The National Council of Resistance of Iran (NCRI), and the People’s Mujahedin of Iran (PMOI / MEK Iran), reported that the protests erupted in northeast Iran on March 23 following the Iranian judiciary’s refusal to bring an accused child rapist to justice.
A security guard in Golestan Dam is accused of raping two young girls, one aged 7 and one aged 8, but when their relatives pressed charges, the prosecutor rejected the complaint and claimed that the forensics report did not mention any signs of rape.
He instead charged the man with “kidnapping”, which resulted in a protest by residents of Arab Sharank village.
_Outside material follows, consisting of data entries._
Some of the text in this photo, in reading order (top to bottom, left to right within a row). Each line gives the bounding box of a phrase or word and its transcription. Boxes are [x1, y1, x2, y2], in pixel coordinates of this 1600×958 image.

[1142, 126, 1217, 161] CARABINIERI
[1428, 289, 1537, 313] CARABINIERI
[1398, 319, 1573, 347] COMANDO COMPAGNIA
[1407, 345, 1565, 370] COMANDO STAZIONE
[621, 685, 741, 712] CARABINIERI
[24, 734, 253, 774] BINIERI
The State Security Forces (SSF) tried to stop the protest, suppressing the people, but the people fought back, even breaking the windows of SSF cars.
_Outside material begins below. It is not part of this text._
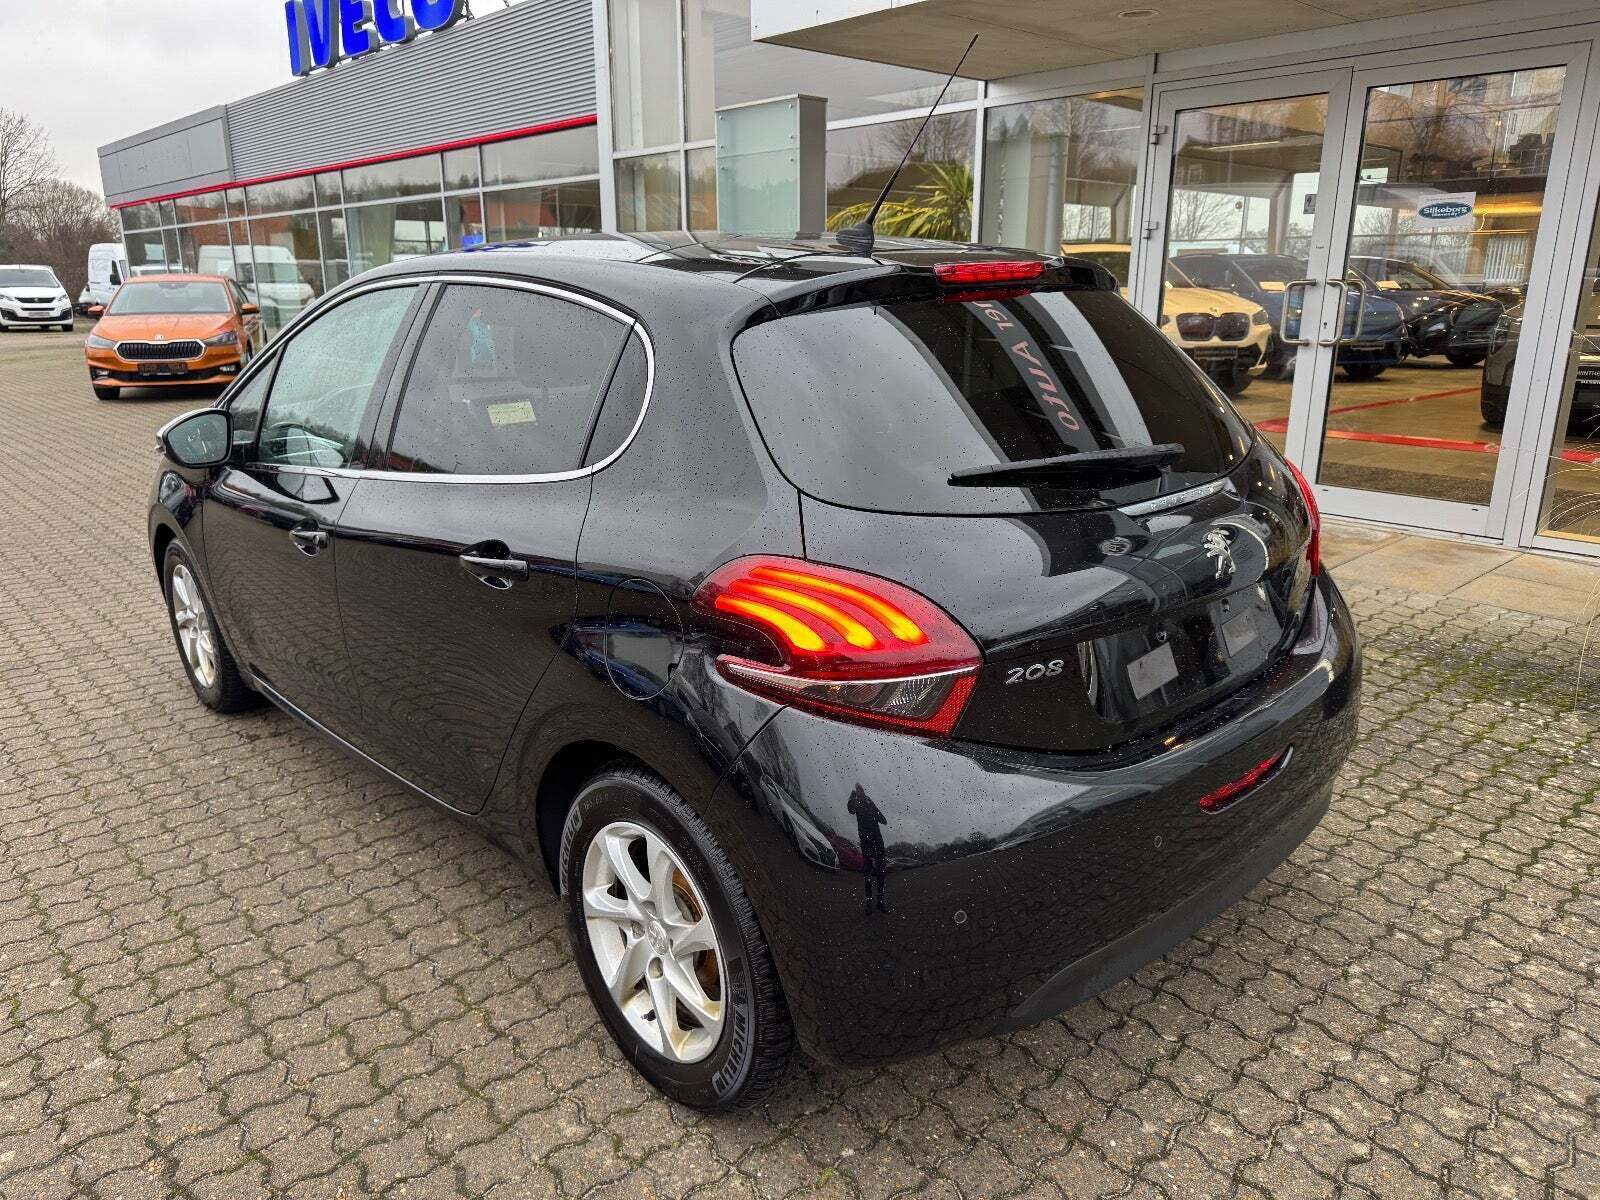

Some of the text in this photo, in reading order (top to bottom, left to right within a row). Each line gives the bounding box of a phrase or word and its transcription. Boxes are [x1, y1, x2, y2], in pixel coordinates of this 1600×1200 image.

[1424, 206, 1468, 214] Silkeborg
[1006, 660, 1065, 685] 208
[714, 1006, 747, 1094] MICHELIN
Of course, this is far from the only protest in Iran last week and anyone could prove to be the spark the ignites the next uprising. After all, the country is a powder keg just waiting to explode, as it did during the 2017 and 2019 uprisings.
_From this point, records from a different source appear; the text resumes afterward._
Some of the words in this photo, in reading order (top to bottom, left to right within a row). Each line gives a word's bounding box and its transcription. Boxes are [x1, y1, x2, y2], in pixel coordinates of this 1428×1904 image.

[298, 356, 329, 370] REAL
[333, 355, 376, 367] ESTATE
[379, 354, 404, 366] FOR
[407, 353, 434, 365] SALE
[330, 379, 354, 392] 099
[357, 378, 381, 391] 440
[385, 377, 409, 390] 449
Also, on March 23, people in southeast Iran fought with two members of the Revolutionary Guards (IRGC) who attempted to steal jewelry from three Baluchi women. The protesters set fire to the IRGC vehicle.
While a Chabahar fisherman, whose livelihood was damaged by Chinese trawler fishing, protested to Deputy Fisheries Minister Parviz Mohebbi in a video shown on social media.
He told Mohebbi: “[Our poverty] is due to the [works of Chinese trawlers.] We have no shoes to wear.”
On Sunday, pest control workers at Haft Tappeh Sugarcane Factory in southwest Iran protested outside the company’s security office for the second consecutive day over wage delays and job insecurity.
All of this can be shown against a backdrop of extreme poverty and an ongoing health crisis, which is not being controlled because the regime thinks that the COVID-19 pandemic is useful in stopping the widespread protests that could overthrow them. The National Council of Resistance of Iran (NCRI), and the People’s Mujahedin of Iran (PMOI / MEK Iran), reported that the coronavirus death toll in 5126 cities surpasses 240,200.
And, as if that wasn’t bad enough, the regime now plans to intimidate the public through the killing of protesters, as evidenced by the comments of Judiciary Chief Ebrahim Raisi on Wednesday.
Raisi, one of those responsible for the 1988 massacre of 30,000 political prisoners, said: “No insecurity in society is tolerable; the police and security officials should let disruptors act.”
But even regime officials are saying that this is a doomed plan.
Former Roads and Urban Development Minister Abbas Akhundi said: “I swear to God that with arresting, with guns and violence, we cannot solve problems such as inflation or control the society.”